T. Larry remained motionless and emotionless behind his desk.
“Does this mean I’m not fired?”
“I think it does.”
Madison puffed out a breath of air. “Well, that’s good.”
“I agree. Breaking in a secretary is an overwhelming task.”
“Yeah, it sucks.” She furrowed her brow. “Would you really have let me go, T. Larry?”
“If I thought it was best for you.”
Which didn’t answer the question, but he was playing Mr. Enigmatic, and she was sure she wouldn’t get another answer out of him. “You were bluffing, weren’t you?”
He rubbed the top of his head, saying nothing.
“Does this mean she’s dropping her suit?”
His mouth lifted slightly in one corner. “I guess we’ll have to wait and find out.”
“I guess we will.” She turned to him with the brightest smile she could fit on her face. “Can I still have a cake and lunch anyway? We can say it’s my welcome-back lunch since I was fired for at least five minutes.”
HALLELUJAH, she was staying.
Laurence basked in the afterglow of Madison’s lopsided smile as she exited his office. He hadn’t been bluffing, Harriet had. What made her back down? Madison’s ready acceptance? Guilt? He didn’t care. He’d wanted only one outcome.
The scene would play across Harriet’s mind over and over again until she did indeed call off Harry Dump. And in turn, Harry would call off William Dilly-Dally.

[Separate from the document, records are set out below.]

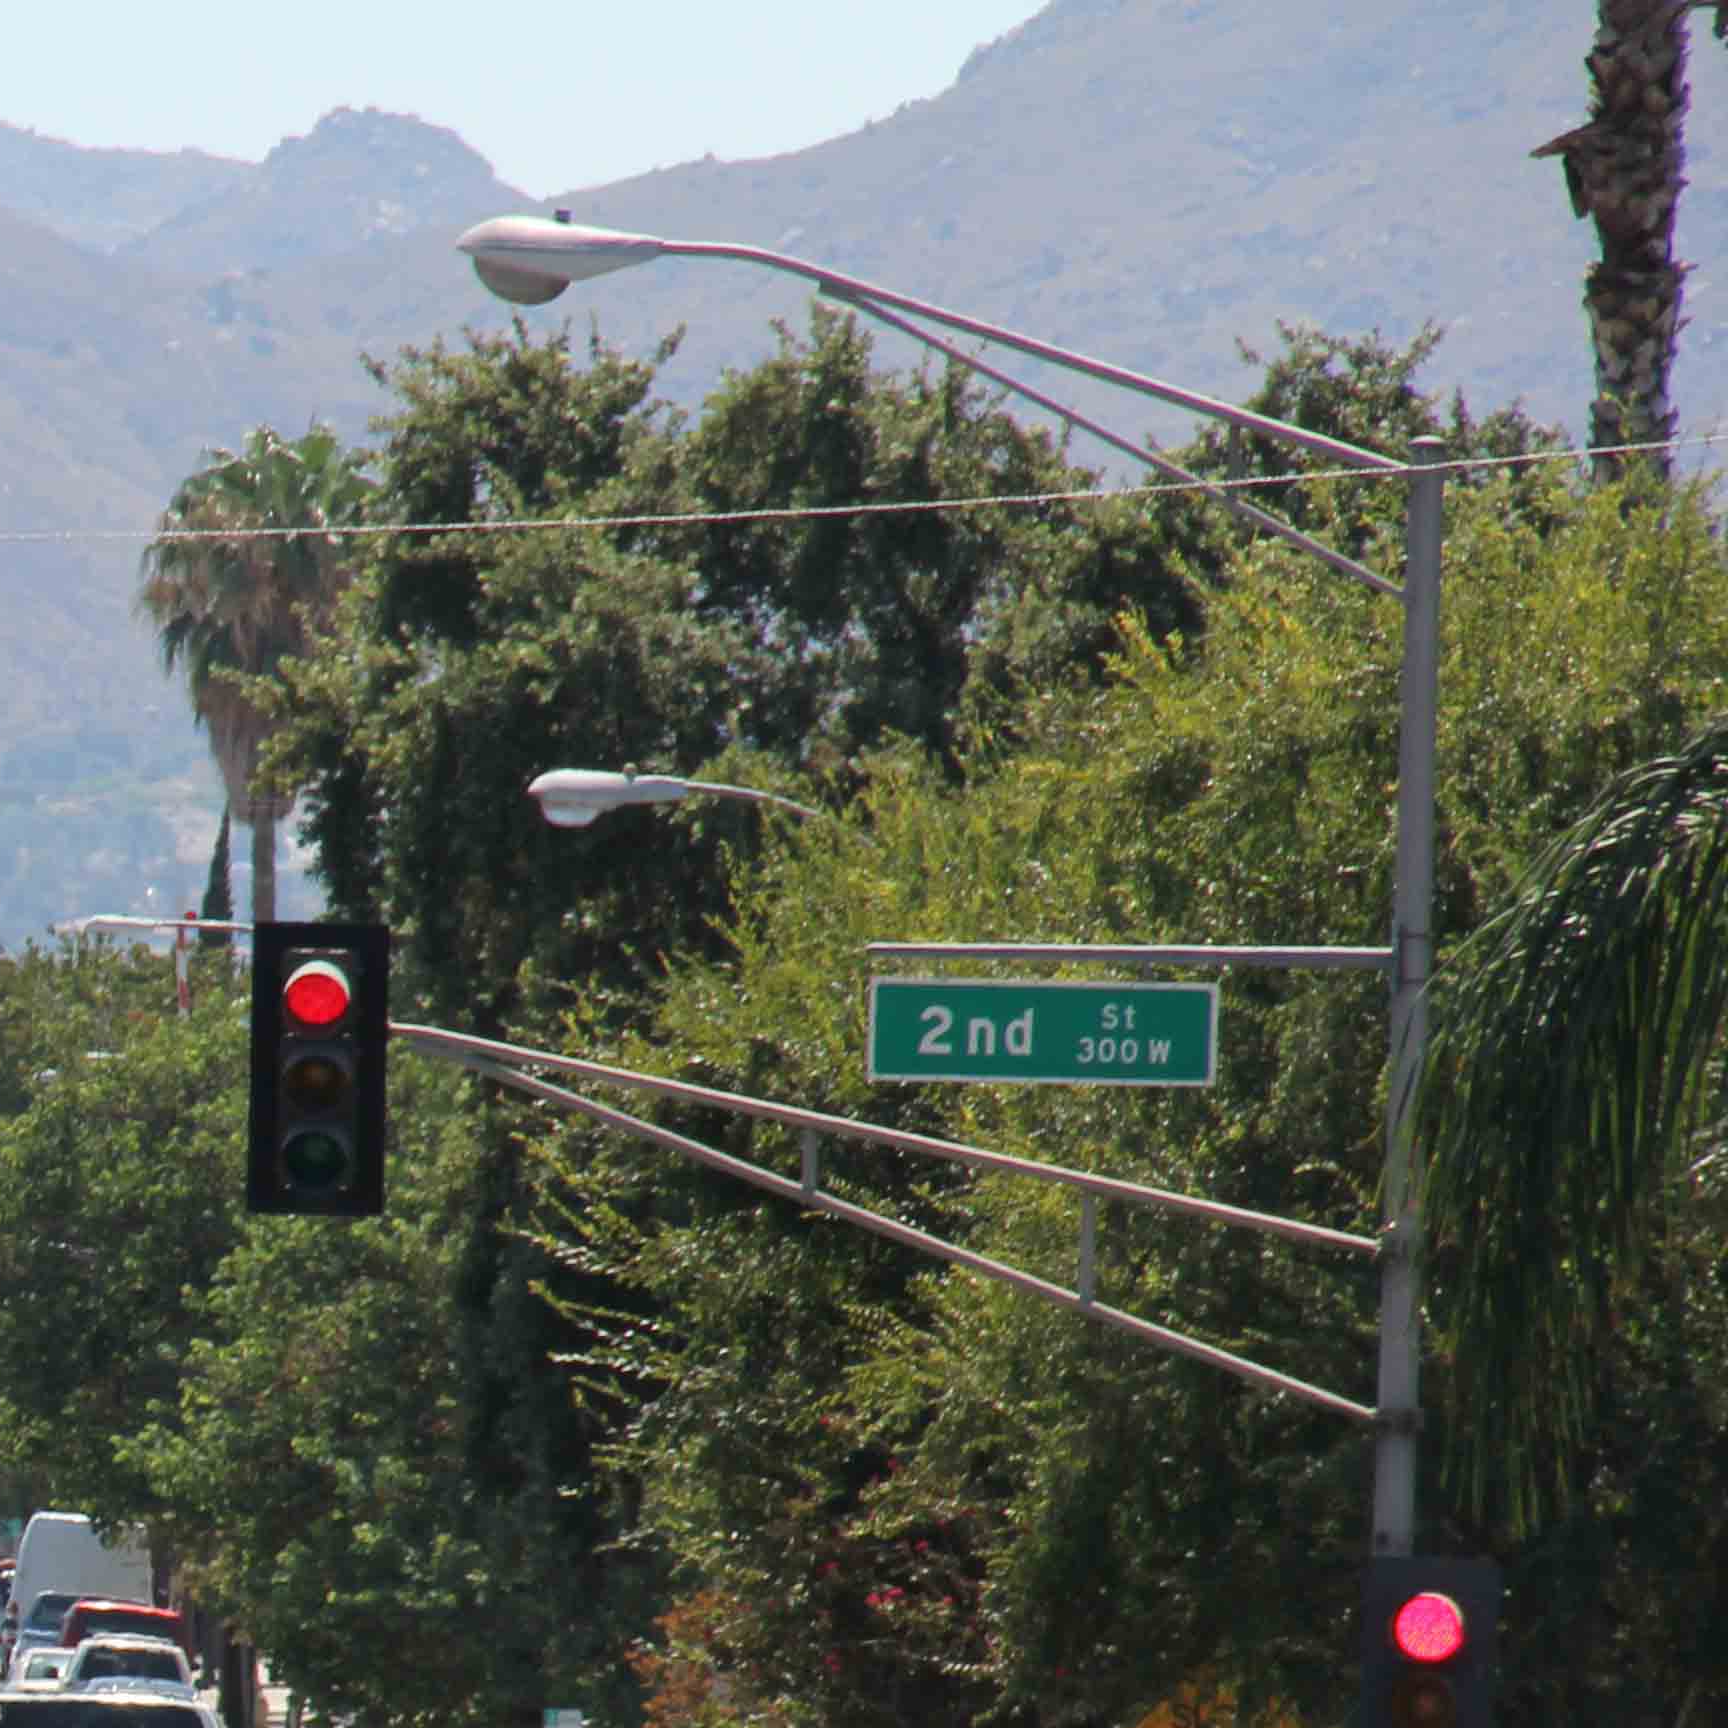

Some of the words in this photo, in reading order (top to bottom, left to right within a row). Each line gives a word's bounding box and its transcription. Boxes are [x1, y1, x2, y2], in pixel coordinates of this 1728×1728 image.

[917, 1004, 1034, 1056] 2nd
[1101, 1003, 1136, 1030] St
[1076, 1038, 1138, 1064] 300
[1148, 1039, 1172, 1064] W
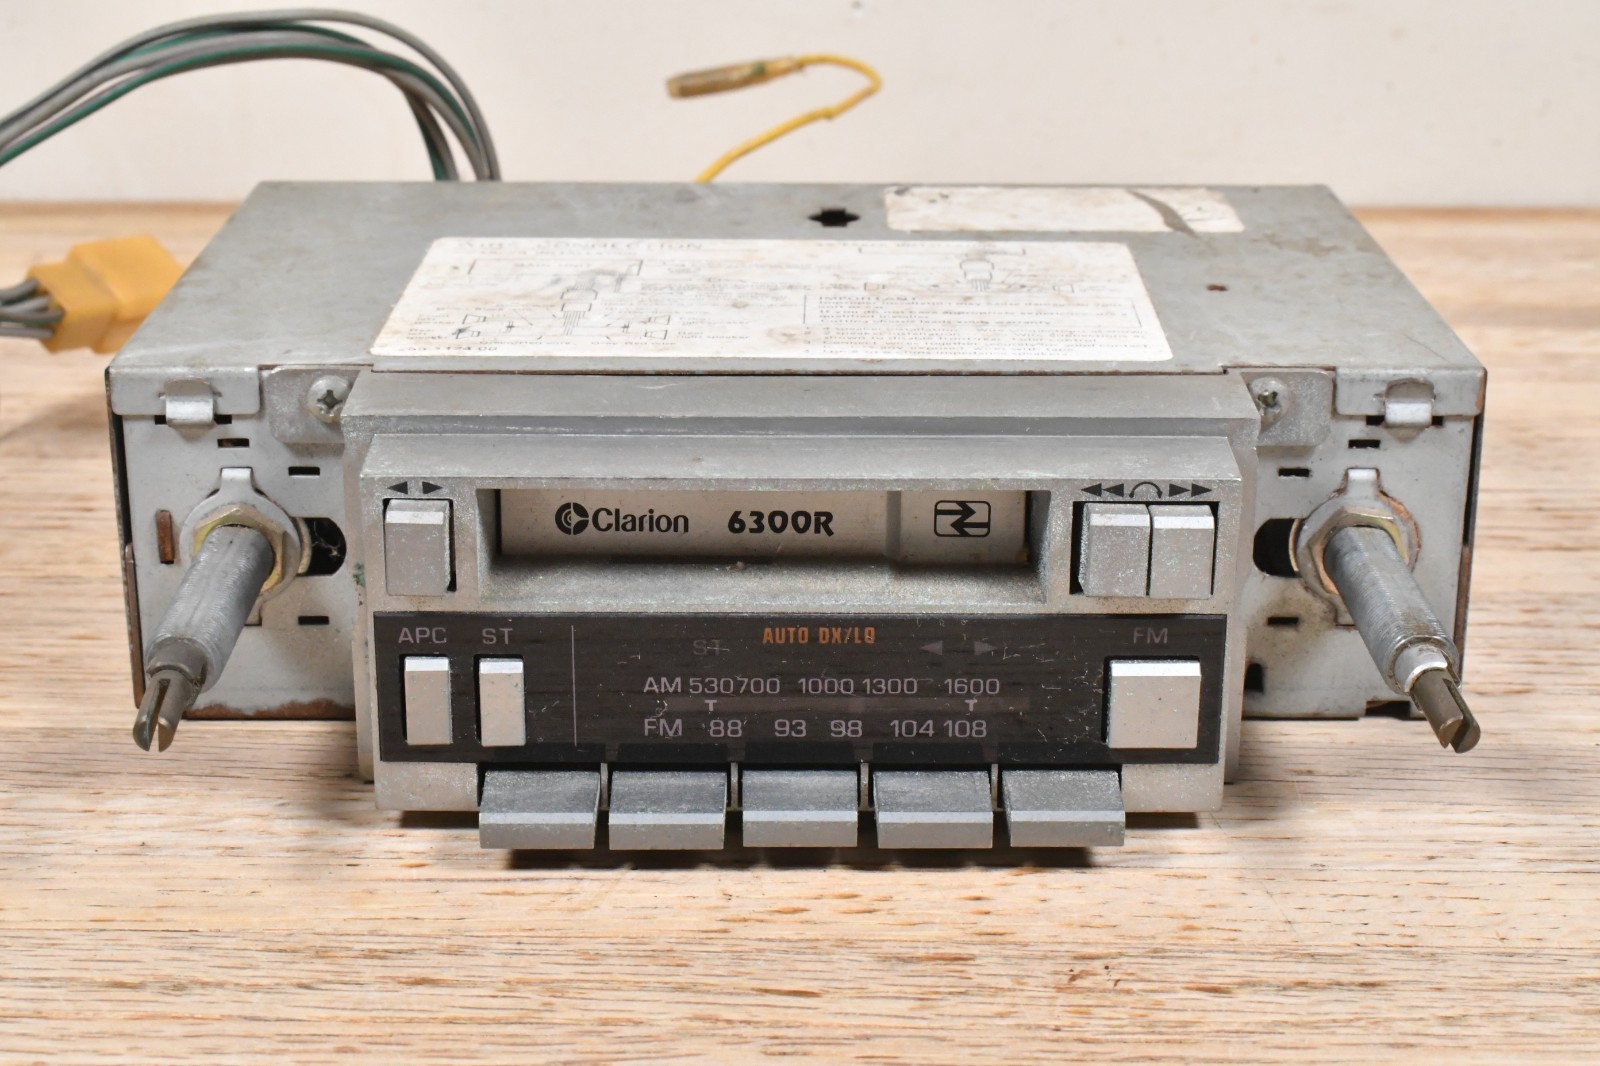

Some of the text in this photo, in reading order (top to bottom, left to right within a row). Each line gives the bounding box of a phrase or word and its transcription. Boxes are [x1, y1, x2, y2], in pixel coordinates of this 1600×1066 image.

[592, 507, 834, 537] Clarion 6300R
[398, 627, 447, 644] APC
[481, 627, 513, 645] ST
[762, 627, 809, 644] AUTO
[1133, 627, 1169, 644] FM
[643, 676, 682, 693] AM
[797, 677, 855, 694] 1000
[862, 678, 919, 694] 1300
[943, 678, 1000, 694] 1600
[643, 718, 988, 737] FM 88 93 98 104 108
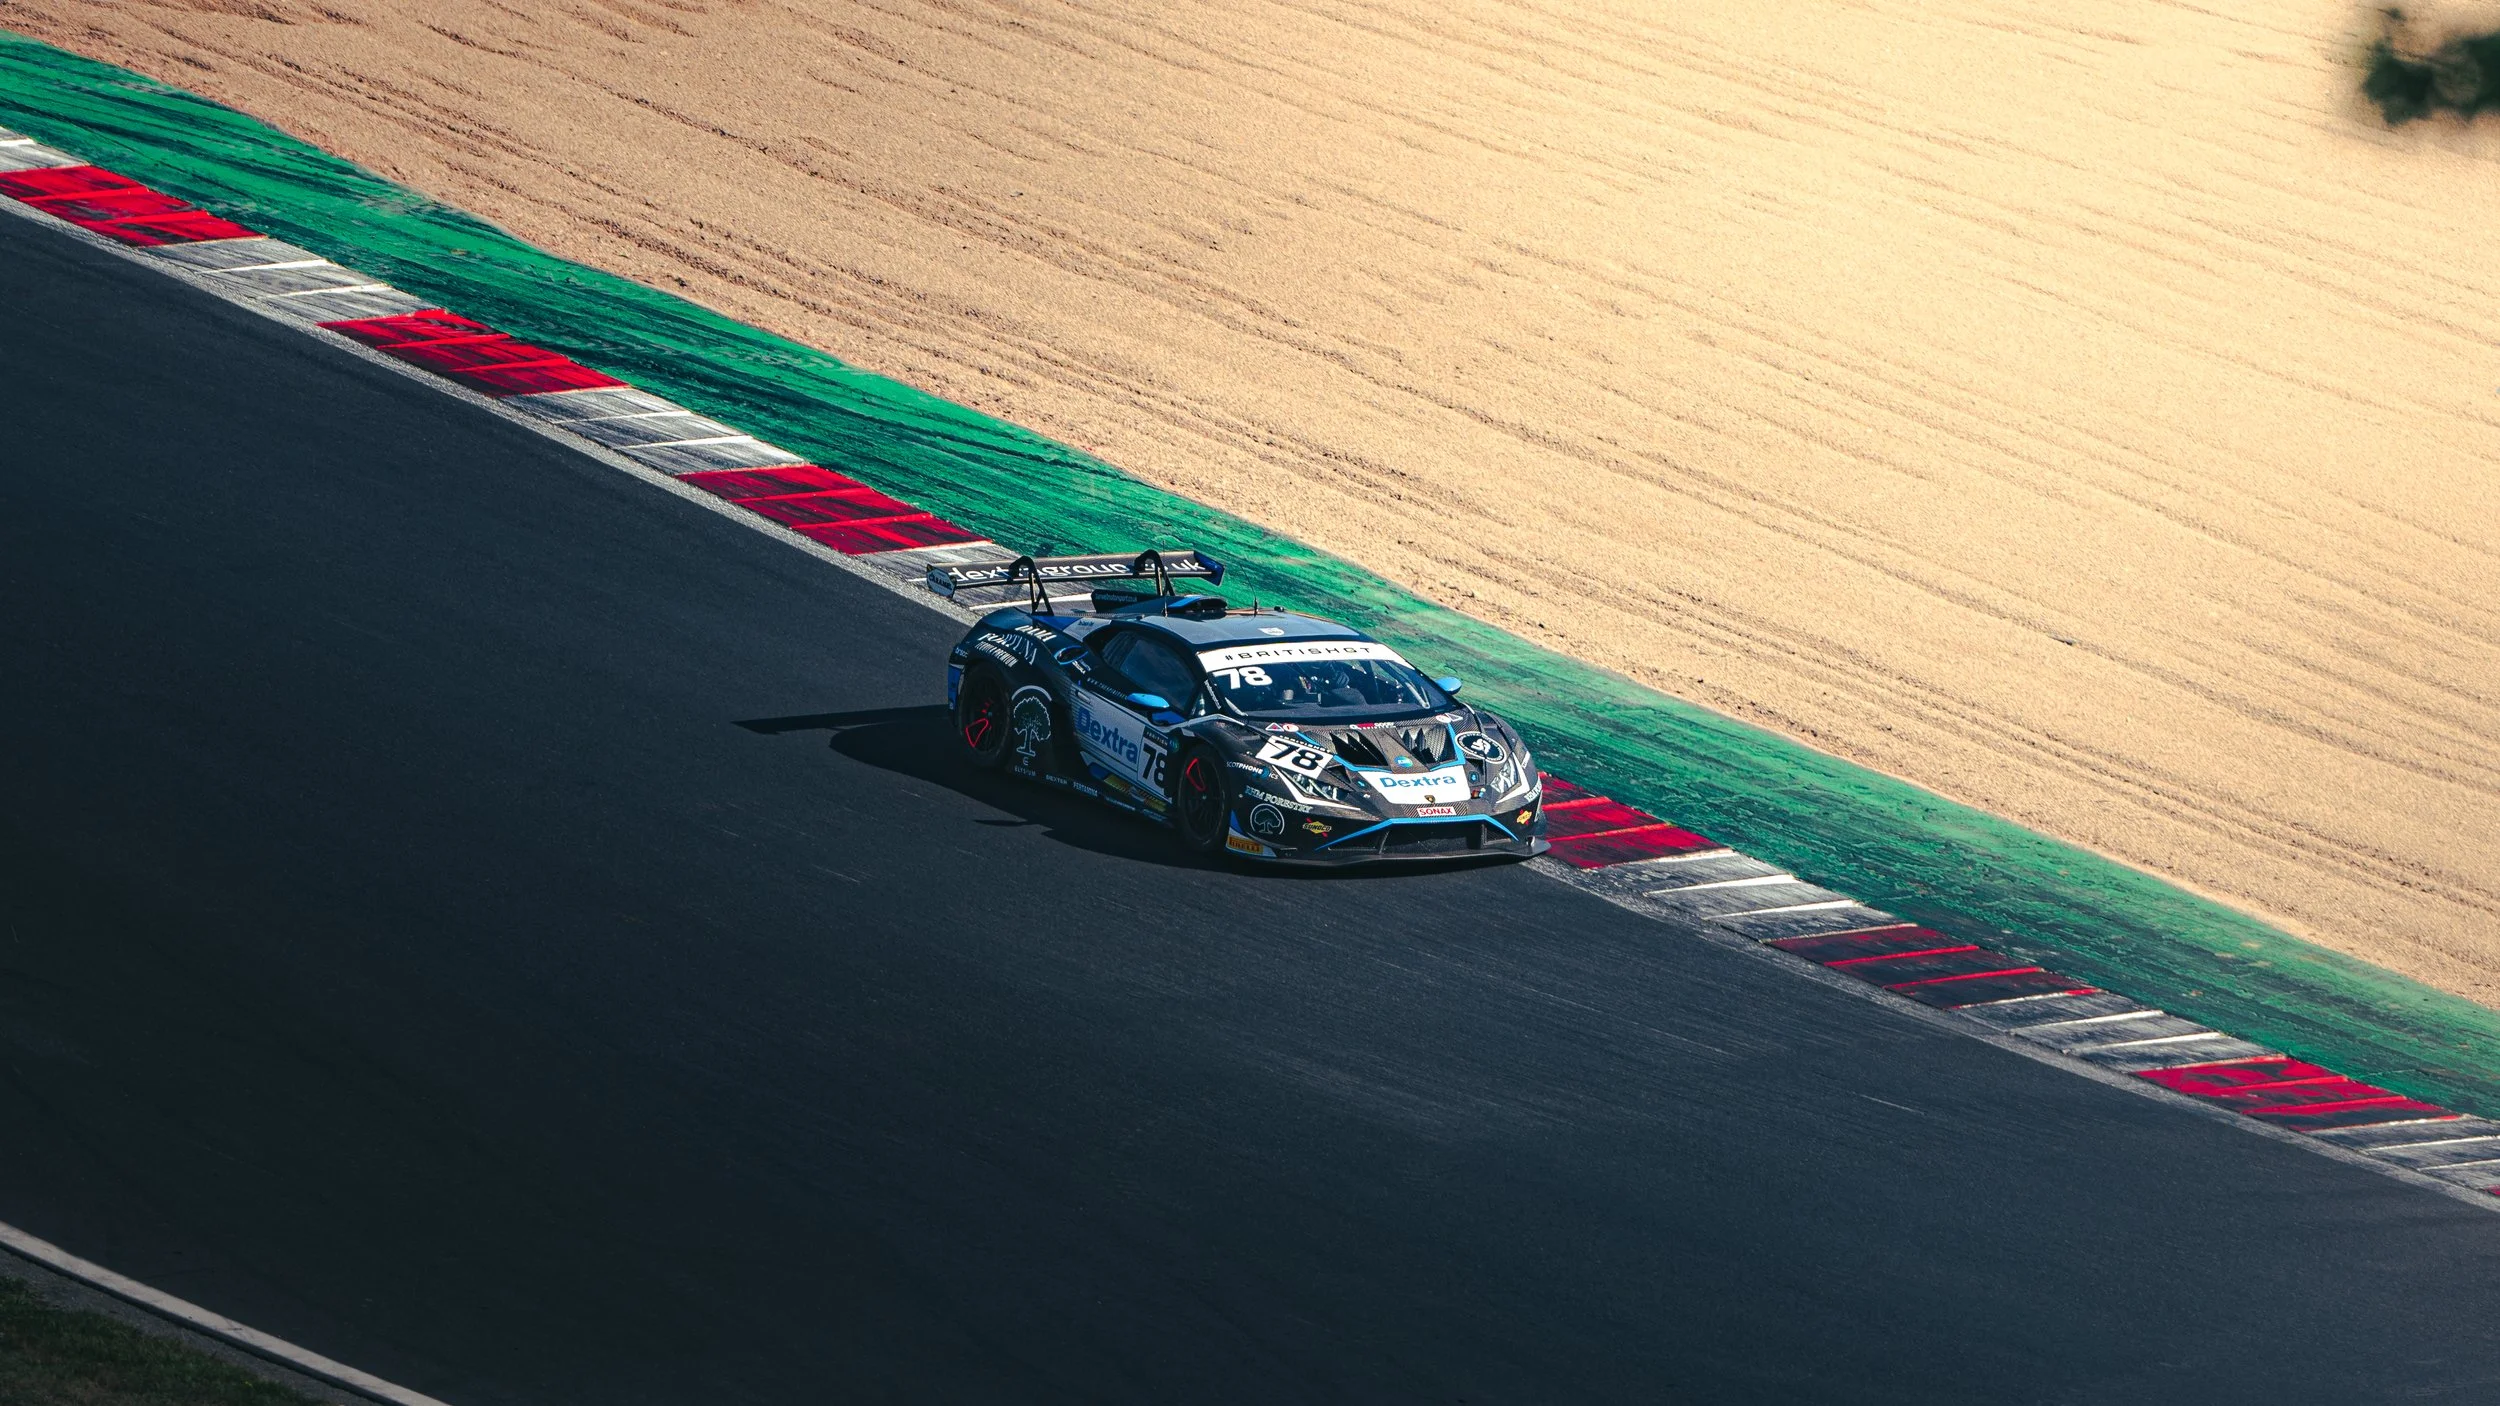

This nonsense with Madison, however, would have to stop. For her own protection. A boss had no right crossing that line with his employee. She would henceforth be off-limits, even in his fantasies.
He could do it.
After all, back in college, he’d once gone without making a plan for an entire six weeks because his girlfriend, Constance, told him he was inflexible. Six weeks, cold turkey. Until he realized the folly of it, sent Constance on her merry, flexible way, and started on the dual Financial-Family Plan.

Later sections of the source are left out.